For the staccato syncopation of “Don’t Mean a Thing,” he traded drum loops via e-mail with Vieira’s Brazilian/Dutch outfit Zuco 103 until they hit quasi-swing paydirt. He used e-mail to map out Pop’s vocals, as well; they were never in the same studio together, and the Iguana sent him a file of 12 sinister takes. “So we had a lot to work with—he was very generous,” says Jackson, who has a makeshift home studio with keyboard, computer and computer-sequencing program. His take on “Mood Indigo” had an even odder inspiration: the slapback rockabilly of Gene Vincent. “I always loved that sound being applied to a classic ballad, with that kind of echo on my voice and getting into falsetto on certain notes,” he explains. “And it was one of the few songs that I did think I could do a decent job of singing.”

6. Joe Jackson mainly resides in Berlin these days. And he loves it there.

And don’t think Wim Wenders’ Wings Of Desire film when you think of Berlin, Jackson says. The skyline is completely different now, as is the feel of the city itself. “It still has that sense of freedom, and it’s very laid-back and very green,” he elaborates. “And it’s cheap compared to a lot of other big cities, so I think that gives you a good mix of people, and a good quality of life.”

7. Jackson still looks sharp.

He was a sickly teenager, incredibly ill, he reveals. “But it seems like I got all my sick shit out of the way early on, because I’m healthy as a horse now!” he declares, proudly. “It’s partly luck, and it’s partly the fact that I exercise quite a bit and I do a lot of walking.” Does he carry a microcassette recorder on his Berlin strolls, in case another compositional light bulb goes off? He snickers. “Nah. I tried that once and I never used it. I figure if I have a good idea, and it’s really good, then it’ll stay with me.”
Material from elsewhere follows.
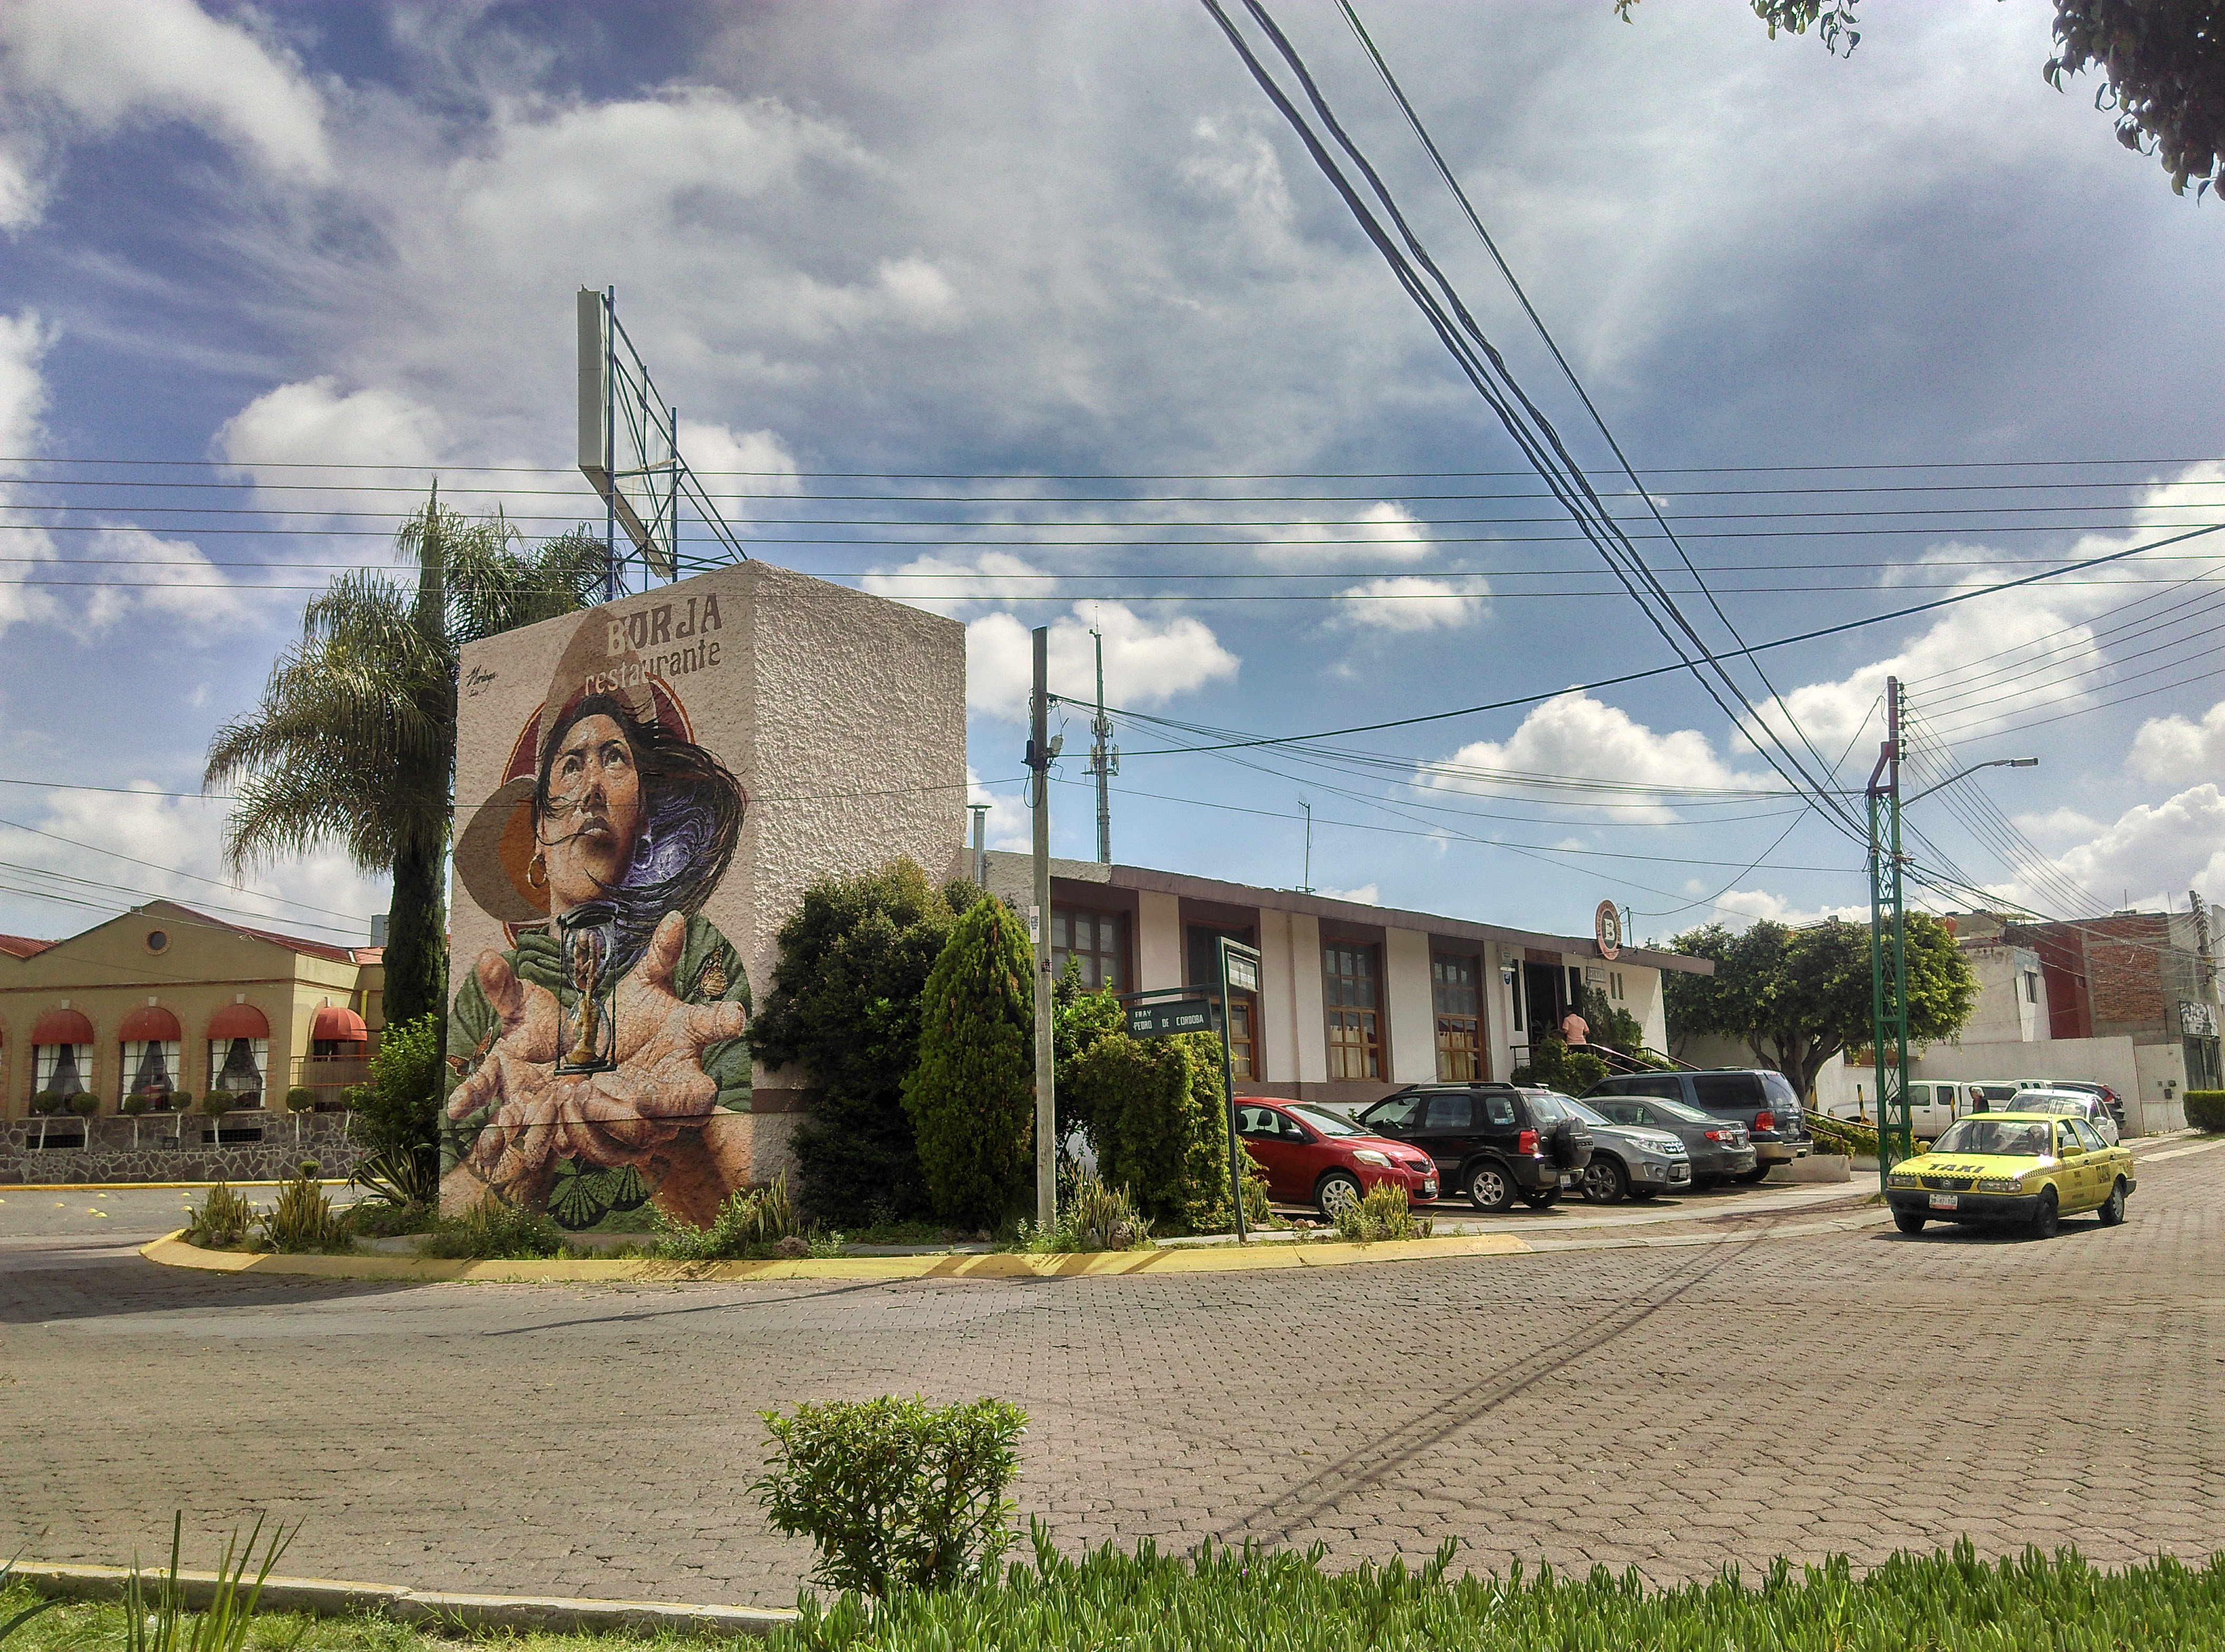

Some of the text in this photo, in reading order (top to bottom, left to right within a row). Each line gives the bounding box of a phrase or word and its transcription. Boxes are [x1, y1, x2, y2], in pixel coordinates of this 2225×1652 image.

8. Jackson has a huge CD/vinyl collection, but not on an iPod.

He isn’t pro- or anti-iPod, he wants to clarify. He simply doesn’t own one. “I don’t like the idea of walking around a street with music jammed in my ear,” he growls. “So that I can’t hear anything else that’s going on around me. That might seem strange to some people, but that’s how I feel. I like to hear music in the air. I like to feel the airwaves vibrating, and I like to hear music coming through speakers. Not just shoved in my ear.”

9. Jackson unspooled a lot of great yarns in his 1999 autobiography, A Cure For Gravity. But he’s still dumbfounded by what he learned reading about Ellington.

His favorite story: “Apparently, on the road sometimes, Ellington liked to compose in the bathtub,” he says. “He’d be in a hotel, and he had a valet who kept him supplied with fresh hot water and scotch while he would lie in the tub and compose. Then he would have somebody else write down what he was composing, then these pieces of music would get passed down the corridor to different musicians’ rooms, so you could hear little fragments of the composition taking shape.” Has Jackson tried this curious method? He laughs. “It doesn’t work for me, I must admit. I do enjoy my bath, but that’s quiet time as far as I’m concerned.”

10. The chap who once proclaimed “I’m The Man” now knows his place in the grand scheme of things.

That’s why The Duke was always such a role model for him, says Jackson. “He was also a big-picture kind of guy. I’m not a brilliant singer, I’m not a brilliant piano player, I don’t really play the guitar. But I think that my talent really is for having a vision of the whole thing, and knowing what part everyone should be playing, and how to work with musicians and arrangements and stuff. And that’s what Ellington was brilliant at.”